Researchers at Johns Hopkins have evidence to explain
why the supposedly natural act of aging
is by itself a very potent risk factor for life-threatening
heart failure.
In a study presented Nov. 4 at the American Heart
Association's annual Scientific Sessions in
Orlando, Fla., the Johns Hopkins team analyzed more than a
half dozen measurements of heart
structure and pumping function to assess minute changes in
the hearts of 5,004 men and women, ages
45 to 84, of different ethnic backgrounds and with no
existing symptoms of heart disease.
Researchers found that each year as people age, the
time it takes for their heart muscles to
squeeze and relax grows longer, by 2 percent to 5
percent.
Test results were obtained from study participants who
had undergone high-tech magnetic
resonance imaging of the heart, which measures individual
muscle segment changes with each
heartbeat.
The findings, researchers say, offer insight into the
root causes of heart failure. They are
especially valuable now as millions of baby boomers in
America move into their 60s, a time when most
signs and symptoms of heart problems first appear.
Estimates show that more than 5 million Americans have
some form of congestive heart failure,
marked by symptoms such as shortness of breath and
fatigue.
"Our results demonstrate just how the heart plays a
losing game of catch-up as people age,"
said Susan Cheng, who led the study while a medical
resident at Johns Hopkins. "It's an amazing piece
of the puzzle of heart failure that finally singles out the
effects of age over better-known risk
factors, such as high blood pressure, in otherwise healthy
people, and regardless of race."
"We already knew that the heart is constantly trying
to adapt to risk factors, but now we know
that this task gets more difficult as the heart ages and
loses a little bit of its pumping capacity every
year," said Cheng, now a cardiology fellow in Boston.

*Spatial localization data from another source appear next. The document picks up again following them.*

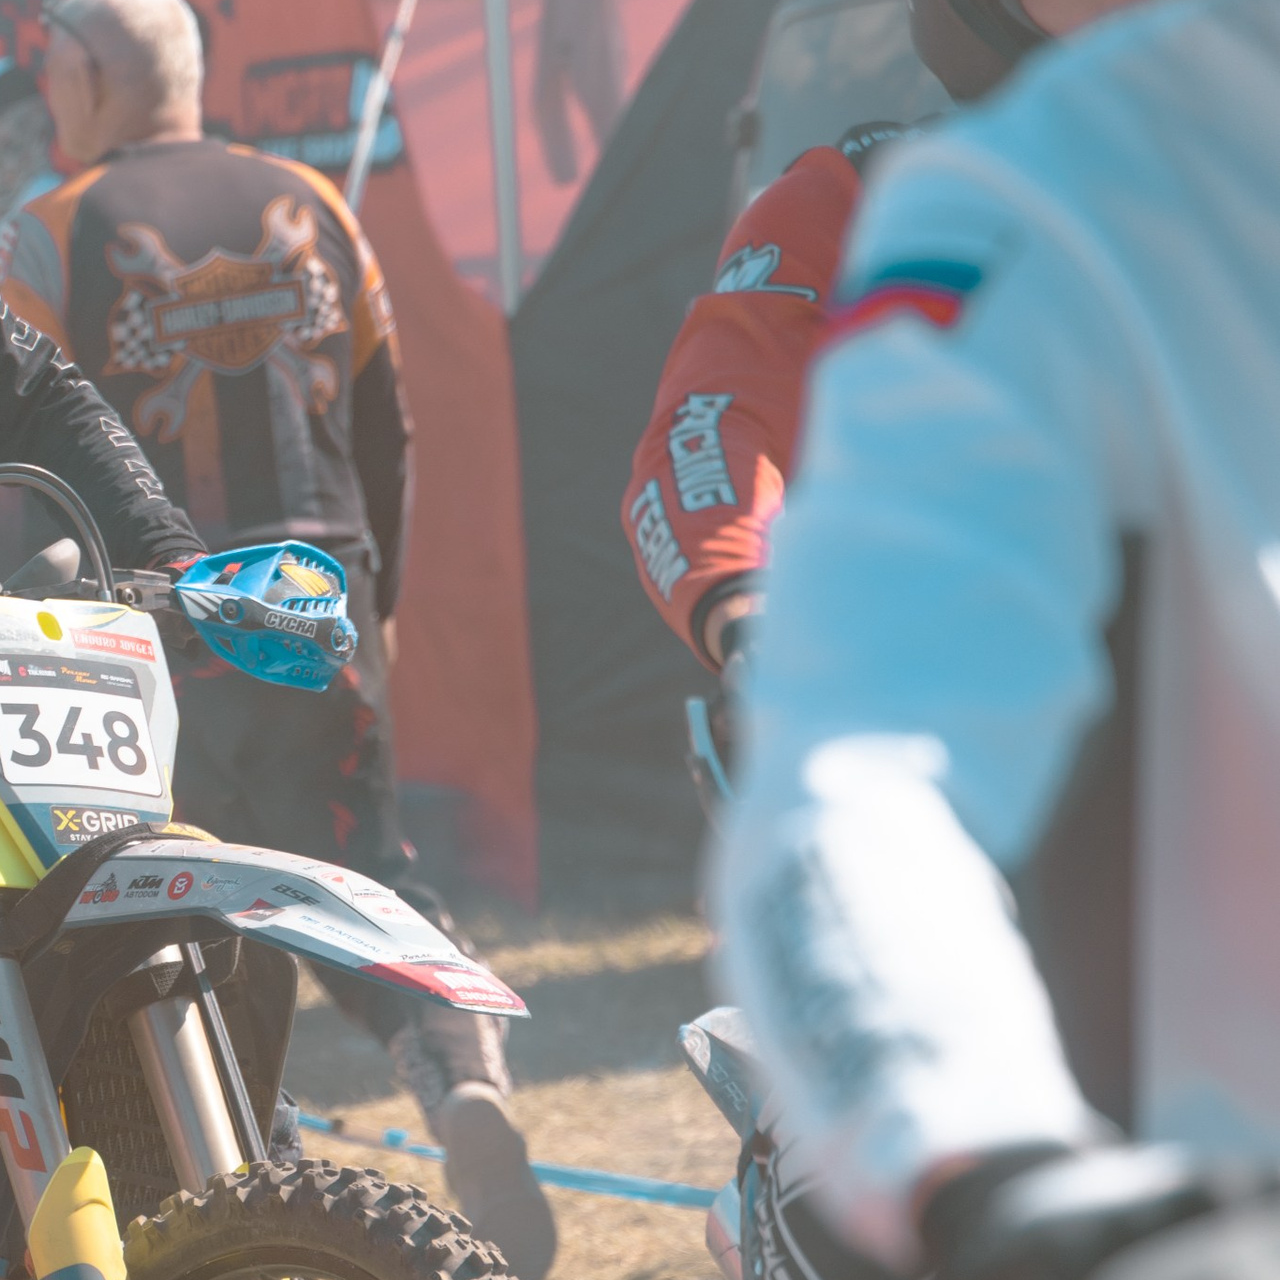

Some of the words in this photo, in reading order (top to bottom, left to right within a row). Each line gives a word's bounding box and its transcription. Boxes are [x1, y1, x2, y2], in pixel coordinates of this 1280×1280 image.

[669, 393, 737, 512] RACING
[630, 478, 689, 603] TEAM
[264, 611, 318, 639] CYCRA
[0, 703, 147, 777] 348
[127, 875, 164, 890] KTM

She says the findings could lead to diagnostic tests
to identify those whose hearts are aging
faster than others, enabling preventive drug therapy,
pacemakers or lifestyle changes to slow or even
reverse the deleterious effects.
Johns Hopkins
cardiologist Joao Lima, the senior study investigator,
says effects of aging have
been hard to determine because of inherent flaws in using
standard criteria to assess heart function.

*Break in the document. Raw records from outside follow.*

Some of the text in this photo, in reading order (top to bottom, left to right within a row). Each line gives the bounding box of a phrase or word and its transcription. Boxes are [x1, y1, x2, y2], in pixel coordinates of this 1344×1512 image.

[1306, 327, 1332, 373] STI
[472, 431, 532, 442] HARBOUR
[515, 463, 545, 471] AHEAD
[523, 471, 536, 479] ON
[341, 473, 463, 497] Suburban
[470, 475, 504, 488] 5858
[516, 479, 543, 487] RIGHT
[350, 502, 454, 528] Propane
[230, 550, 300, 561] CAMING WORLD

The current gold standard, he says, is the heart's ejection
fraction, a ratio of the amount of blood
pumped out with each heartbeat to the total volume of blood
available for pumping. An ejection
fraction of 50 percent to 65 percent is considered
normal.
Study results showed that ejection fraction actually
rose by 0.01 percent with every year of
age. But Lima calls this figure misleading because the
total amount of blood available for pumping, the
bottom number in the ratio, decreases as the size of the
heart cavity shrinks and heart walls thicken,
falsely boosting test results when heart function is
actually failing.
When researchers separated the numbers, the actual
amount of blood pumped out by the heart
fell by 8 milliliters per year, says Lima, an associate
professor at the Johns Hopkins School of
Medicine and its Heart Institute.
The flaw in using ratios, he notes, also helped to
mask the gradual shrinkage of heart muscle
mass. Researchers found that heart muscle mass declined by
on average 0.3 grams per year. This
occurred even though heart wall thickness had expanded and
despite an increase in another standard
measure of heart function, the ratio of left ventricular
mass to blood volume, which went up by 5
milligrams per milliliter each year.
Lima says it's important not to be misled by existing
tests for heart function, especially
ejection fraction ratios, when diagnosing patients. He
points out that almost half of the 550,000
Americans newly diagnosed each year with heart failure,
mostly women over age 50, have a nonsystolic
form, in which the ejection fraction appears the same even
though heart function is declining. "Age
could be the deciding factor in determining who gets this
kind of heart failure," he said.
"This study highlights how the aging heart's anatomy
and function change hand in hand over
time, similar to arteries stiffening, bones weakening from
loss of calcium and kidney function
declining," Lima said. "Physicians and patients need to
recognize it as a process that can be
accelerated by risk factors or possibly slowed down by
healthy lifestyle choices and sound medical
care."
The next step, researchers say, is to look for
so-called biological markers, usually blood
proteins, that can track the effects of the aging process
on heart shape and function and to measure
these markers so that a test specific to aging of the
cardiovascular system can be developed.
Study participants from six centers across North
America were drawn from a larger pool of
7,000 ethnically diverse adults, including
African-Americans, Chinese-Americans, Caucasians and
Hispanics, all monitored to see who develops heart failure.
Started in 2000, the Multiethnic Study of
Atherosclerosis is set to run for another six years. It is
the first large-scale analysis of racial or
ethnic differences in heart function. So far, 79 study
participants have developed congestive heart
failure.
Funding for this study comes from the National Heart,
Lung and Blood Institute, a member of
the National Institutes of Health.
In addition to Lima and Cheng, other Johns Hopkins
investigators involved in this study were
Veronica Fernandes and David Bluemke.